== Segment start ==

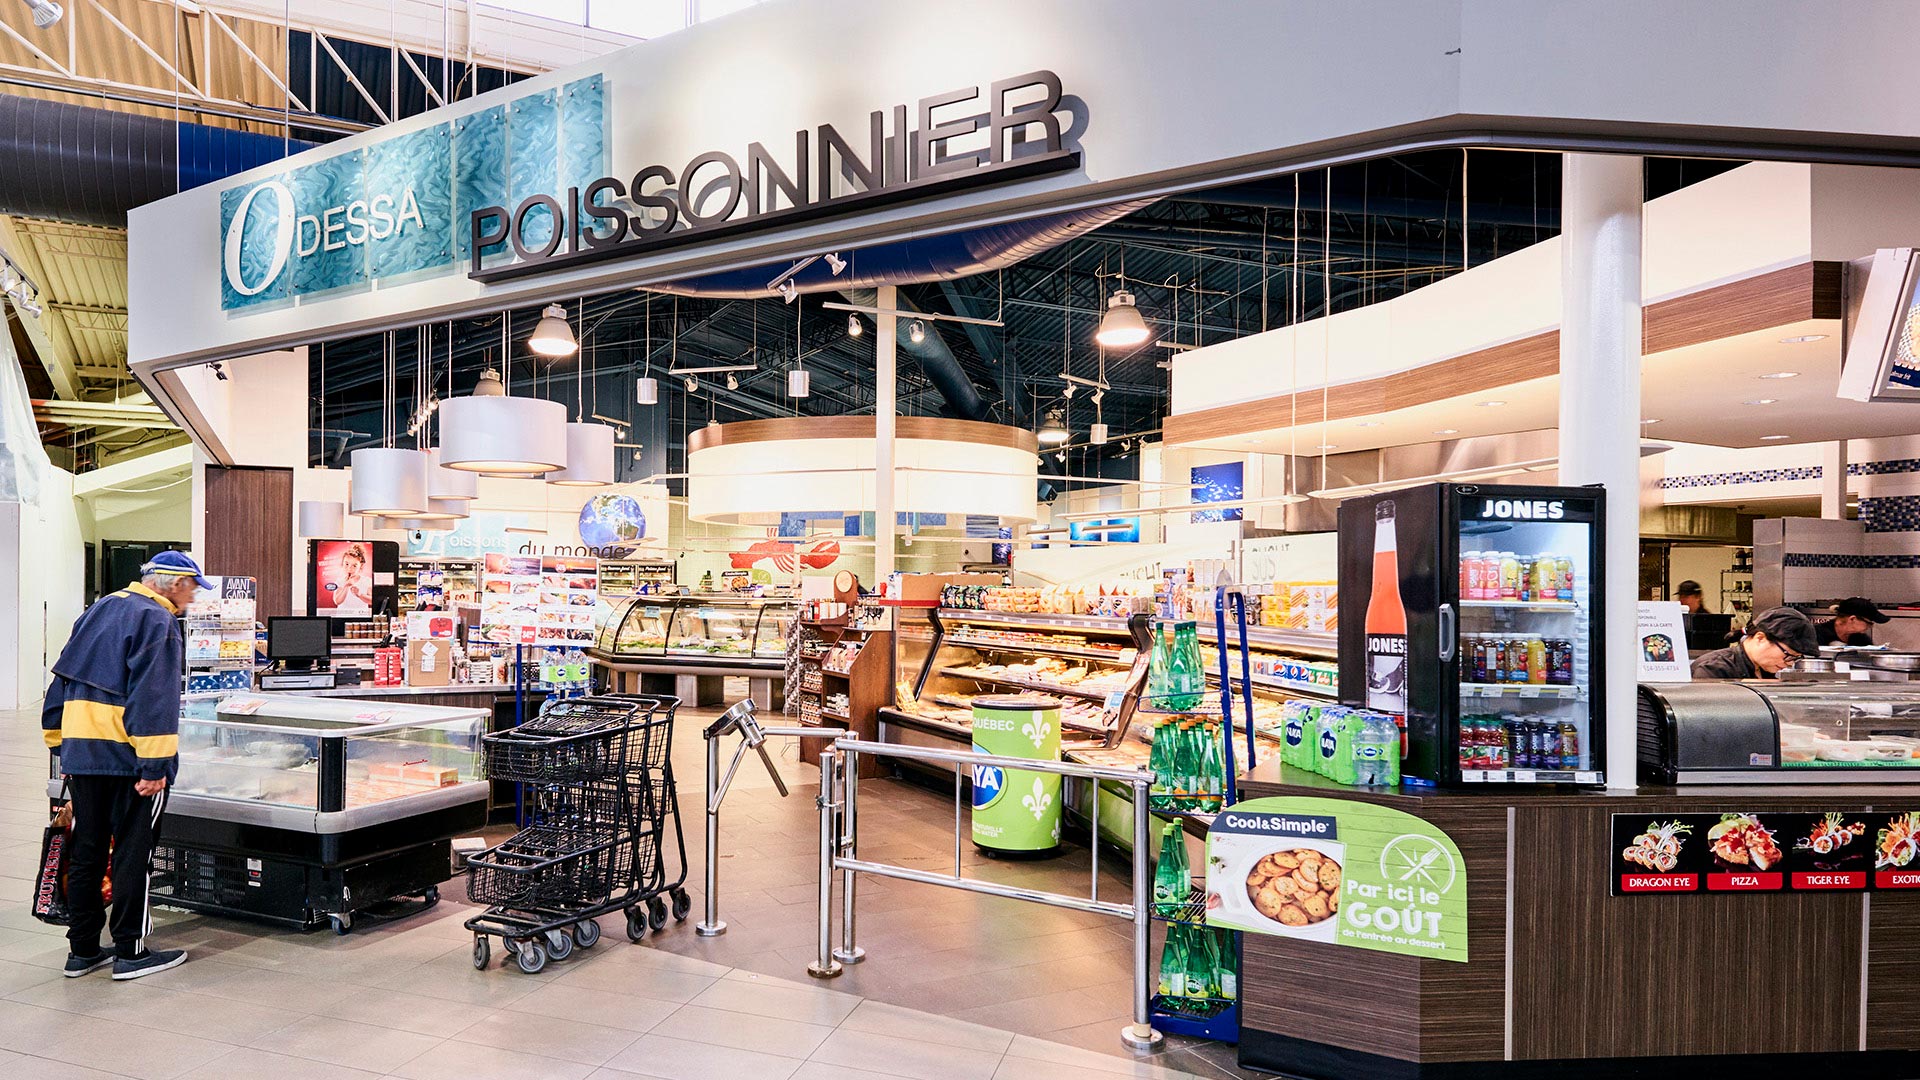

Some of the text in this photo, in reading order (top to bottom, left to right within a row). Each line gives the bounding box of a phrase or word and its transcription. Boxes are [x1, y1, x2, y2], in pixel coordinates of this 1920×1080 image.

[224, 69, 1064, 296] ODESSA POISSONNIER
[1482, 499, 1564, 519] JONES
[519, 541, 625, 559] du monde
[226, 578, 250, 590] AVANT
[1368, 637, 1406, 653] JONES
[972, 763, 1000, 790] YA
[1226, 814, 1328, 834] Cool&Simple
[1629, 877, 1690, 888] DRAGON EYE
[1731, 876, 1759, 886] PIZZA
[1806, 875, 1850, 885] TIGER EYE
[1347, 880, 1440, 905] Par ici le
[1346, 901, 1443, 938] GOÛT
[1342, 929, 1446, 950] de l'entrée au dessert
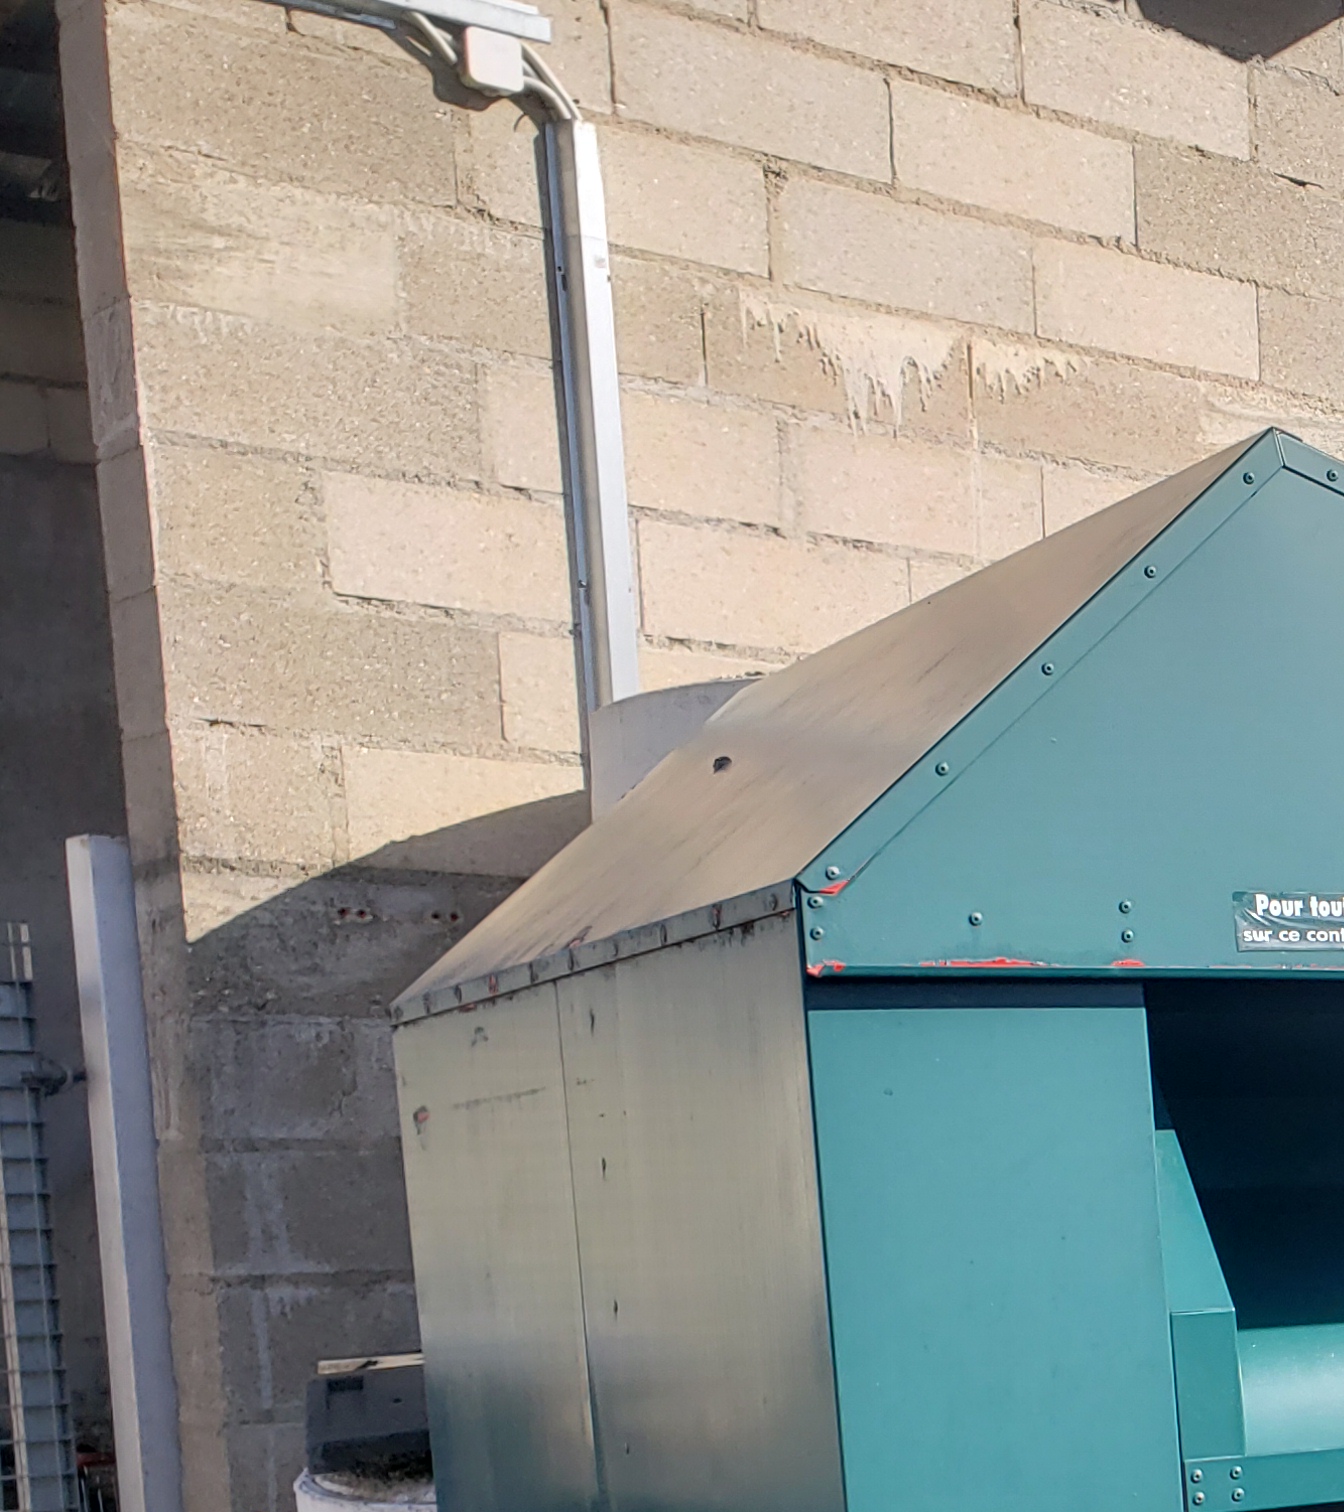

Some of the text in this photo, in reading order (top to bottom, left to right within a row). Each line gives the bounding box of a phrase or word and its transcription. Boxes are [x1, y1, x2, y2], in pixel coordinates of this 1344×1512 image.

[1255, 894, 1301, 916] Pour
[1243, 928, 1272, 942] sur
[1279, 929, 1300, 941] ce

== Segment end ==

Task prompt:
Leave the images aside and transcribe all entries exactly.

Solution for this problem:
Some of the text in this photo, in reading order (top to bottom, left to right within a row). Each line gives the bounding box of a phrase or word and its transcription. Boxes are [x1, y1, x2, y2], in pixel coordinates of this 1920×1080 image.

[224, 69, 1064, 296] ODESSA POISSONNIER
[1482, 499, 1564, 519] JONES
[519, 541, 625, 559] du monde
[226, 578, 250, 590] AVANT
[1368, 637, 1406, 653] JONES
[972, 763, 1000, 790] YA
[1226, 814, 1328, 834] Cool&Simple
[1629, 877, 1690, 888] DRAGON EYE
[1731, 876, 1759, 886] PIZZA
[1806, 875, 1850, 885] TIGER EYE
[1347, 880, 1440, 905] Par ici le
[1346, 901, 1443, 938] GOÛT
[1342, 929, 1446, 950] de l'entrée au dessert

Some of the text in this photo, in reading order (top to bottom, left to right within a row). Each line gives the bounding box of a phrase or word and its transcription. Boxes are [x1, y1, x2, y2], in pixel coordinates of this 1344×1512 image.

[1255, 894, 1301, 916] Pour
[1243, 928, 1272, 942] sur
[1279, 929, 1300, 941] ce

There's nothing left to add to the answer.